あることモードは「変化させようとしない」ということは、先ほど説明しましたが、これだけだとピンとこないかもしれません。ここでは、より具体的に理解していただくために、要点となるキーワードを紹介しながら、簡単な説明を加えていきます。

無批判・中立的|私たちは何か見たり、聞いたり、感じたり、考えたりするとき、いろいろと評価してしてしまうことがあります。カラスの鳴き声が聞こえてくると「うるさい!」と評価したり、頭が少し痛くなると「あのストレスのせいだな・・」とか判断したりします。日常生活では、あれは良いとか悪いとか、頭の中では絶えず評価や判断をしています。そのような状態から抜け出して、今自分が経験していること、今自分に起きていることを評価や判断をしないで、ありのまま受け入れてみましょう。たとえば、先程のカラスの鳴き声が聞こえてきたときは、「カラスが鳴いている」とだけ受け入れてみましょう。頭が少し痛くなったら「こめかみが少しチクっとしてる」と痛みをそのまま観察してみましょう。

瞬間に生きる|頭の中で何かを考えている時や悩んでいる時は、未来か過去のことについて考えていることが多いかもしれません。身体は「今ここ」にあるのに、頭(心)だけが過去や未来に飛んでいってしまっている「心ここにあらず」の状態です。このような状態では、現実を正しく見たり受け入れることが難しくなっていまします。今ここは「1秒後」の未来には1秒前の過去になります。過去も未来も今をどう生きるかで変わってきます。そう考えると、自分が今すべきことに意識を向けて暮らすことの大切さがに分かってきます。

注 意|私たちの頭(心)は多くの物事に興味をもっていて、いろんなことが浮かんでは消えて、常に慌ただしく活動しています。それは雑念と呼ばれてしまうものですが、雑念は振り払おうとしても振り払えません。それどころか、どんどん浮かんできてしまうことさえあります。そんな時は、自分が集中したいものにそっと意識を戻すだけでOKです。そのためには、自動的にぼーっと考えている状態に素早く気づく必要があります。そして、その状態に気づいたら、注意を向けたいものに向け直せばいいのです。それでもまた、気が逸れるかもしれませんが、100回逸れたら100回戻せばいいだけです。

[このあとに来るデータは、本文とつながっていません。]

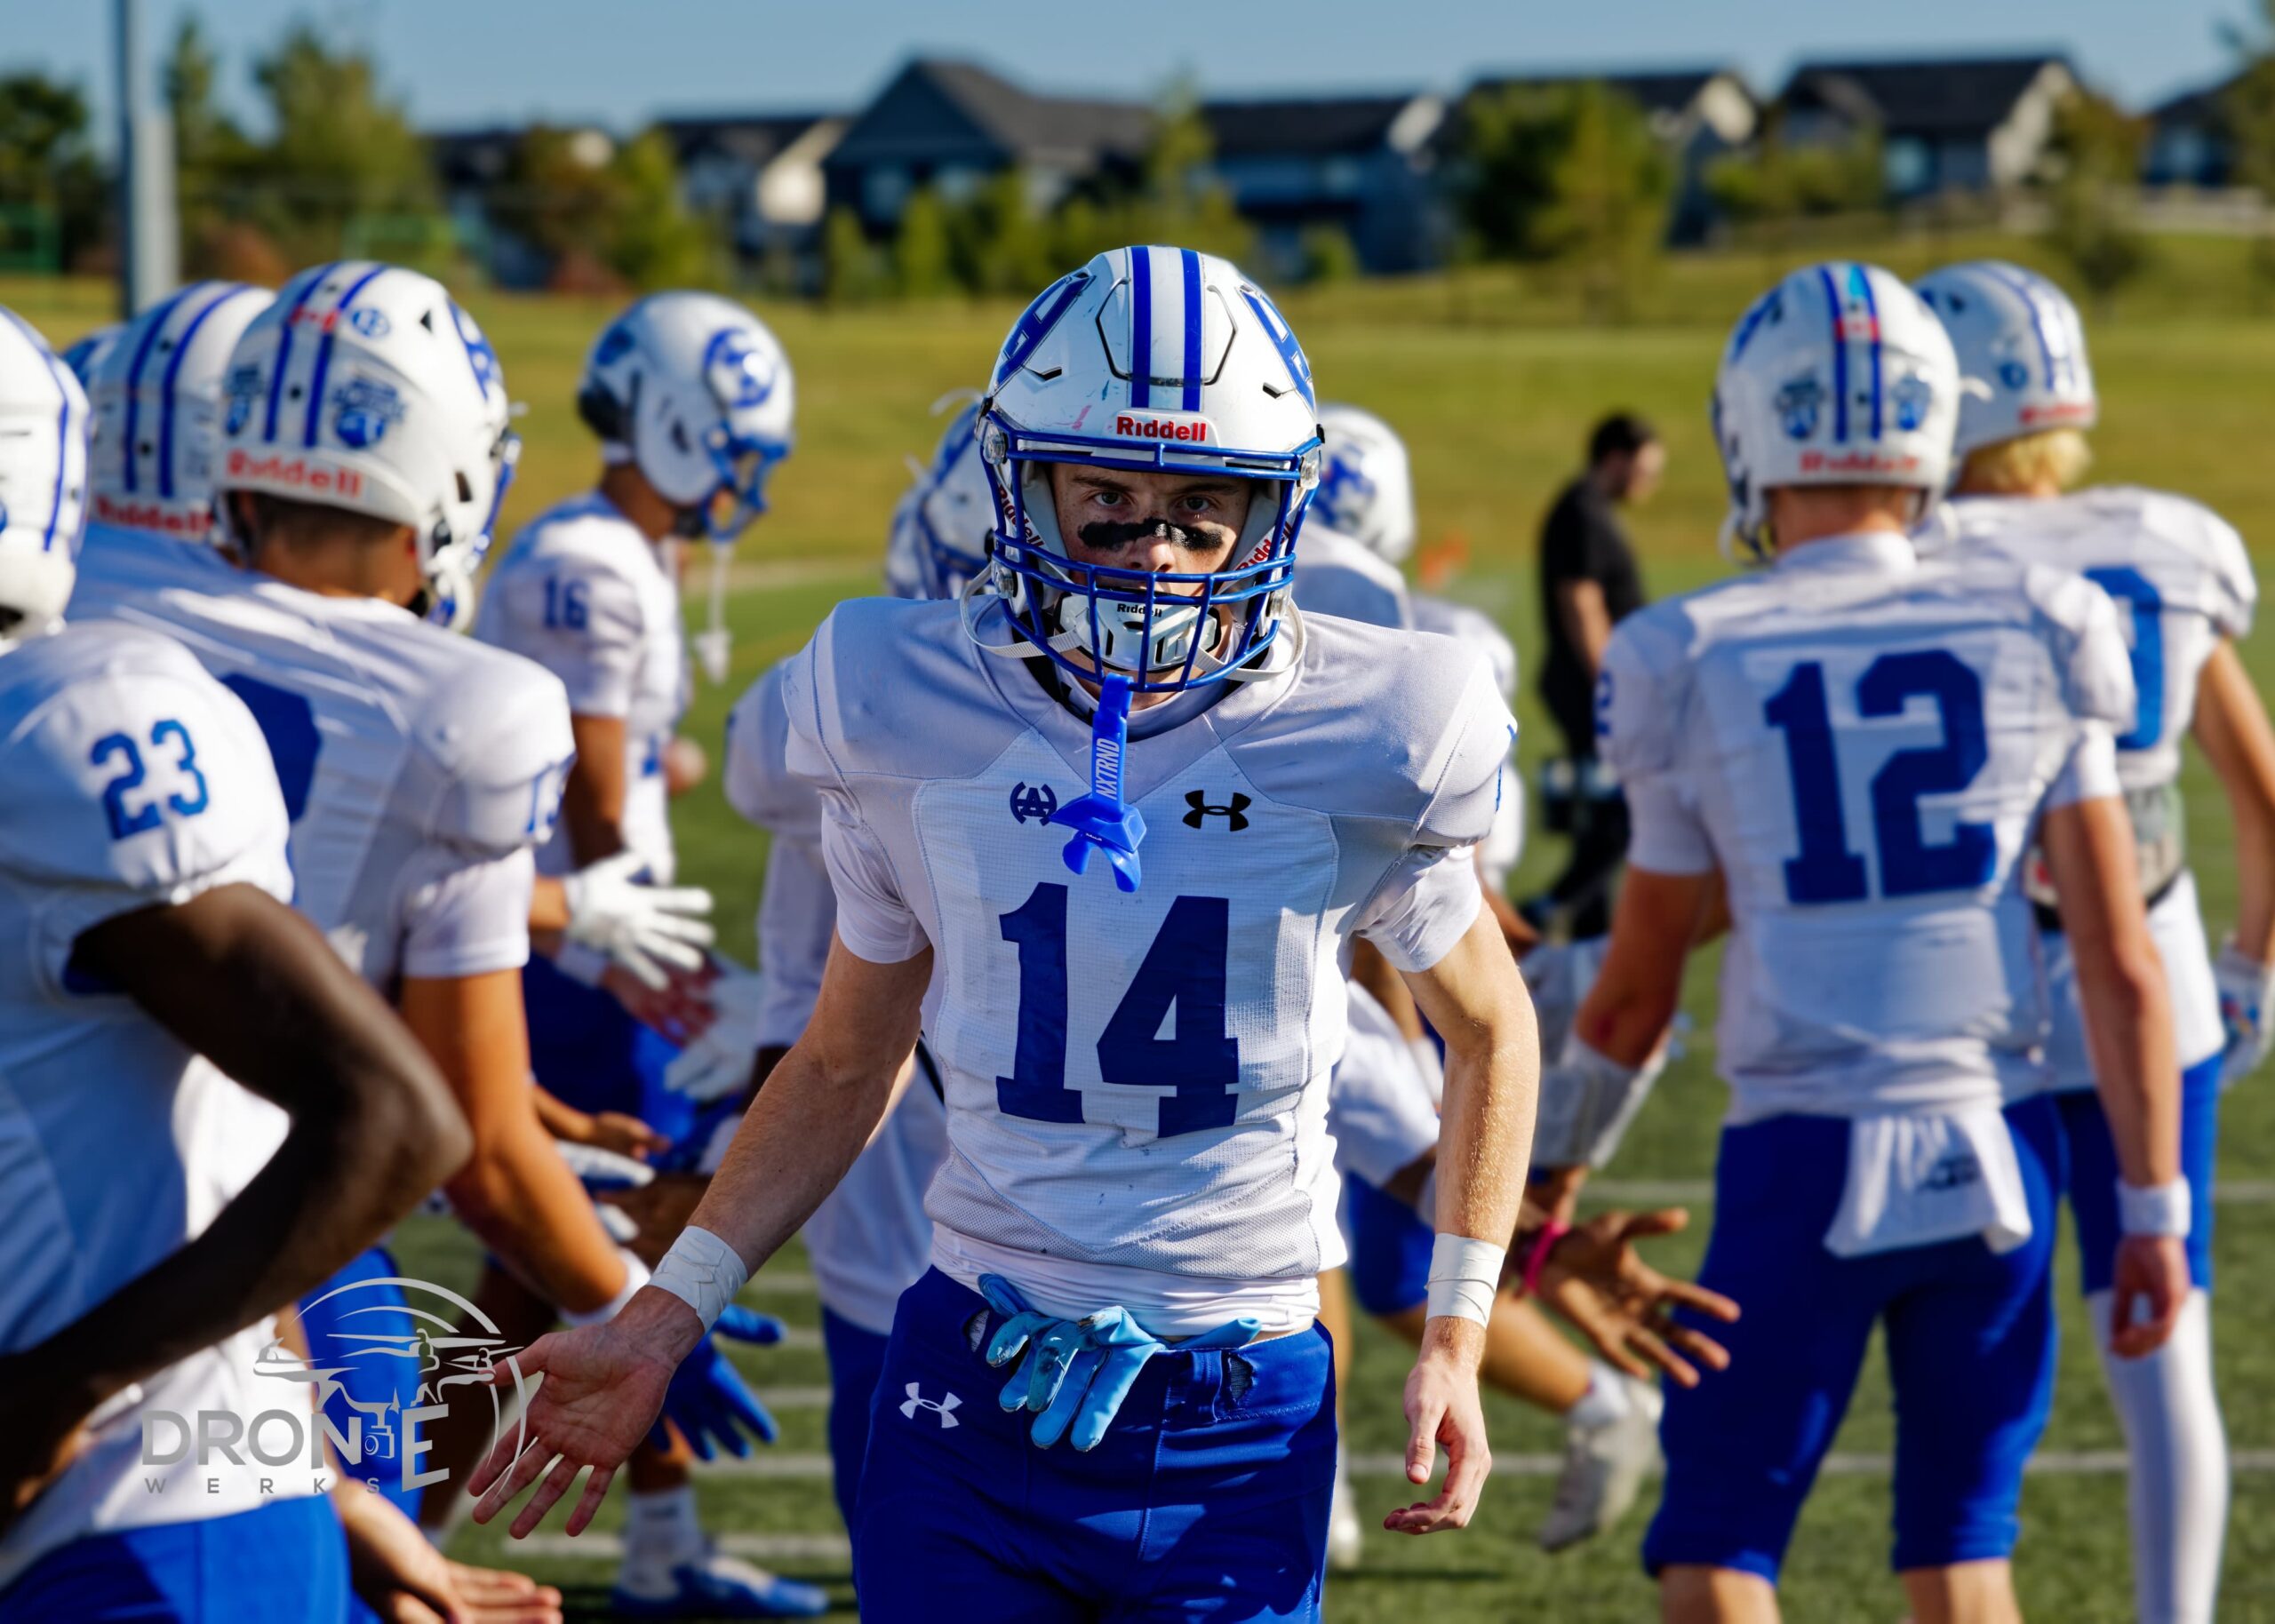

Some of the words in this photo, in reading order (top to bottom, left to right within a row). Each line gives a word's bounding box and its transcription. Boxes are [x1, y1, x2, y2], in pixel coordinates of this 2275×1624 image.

[1116, 416, 1207, 442] Riddell
[542, 577, 591, 632] 16
[92, 720, 209, 840] 23
[1095, 737, 1120, 800] NXTRND
[1763, 649, 1998, 904] 12
[996, 881, 1240, 1139] 14

対応性日常生活では1つ1つのことに深い注意を向けることなく、いつもの反応をしながら生活をしています。たとえば、歯を磨く時はいつもの手順で何も考えずに自動的に磨いている場合が多いと思います。また、家族と喧嘩する時は、咄嗟にひどいことを言い返すこともあると思います。これらは全て自動的な「反応」のパターンでり、自分自身の感覚が鈍感な状態や、過剰な状態の時に現れやすいパターンでもあります。言うまでもなく、これらの反応はマインドフルな表出ではありません。歯を大切にしたいなら、たまには歯の感覚を確かめながら丁寧に|磨みが「対応」が大切になります。家族と喧嘩になりそうになったら、ちょっと一呼吸置いて、言葉を選んでから「対応」することが大切になります。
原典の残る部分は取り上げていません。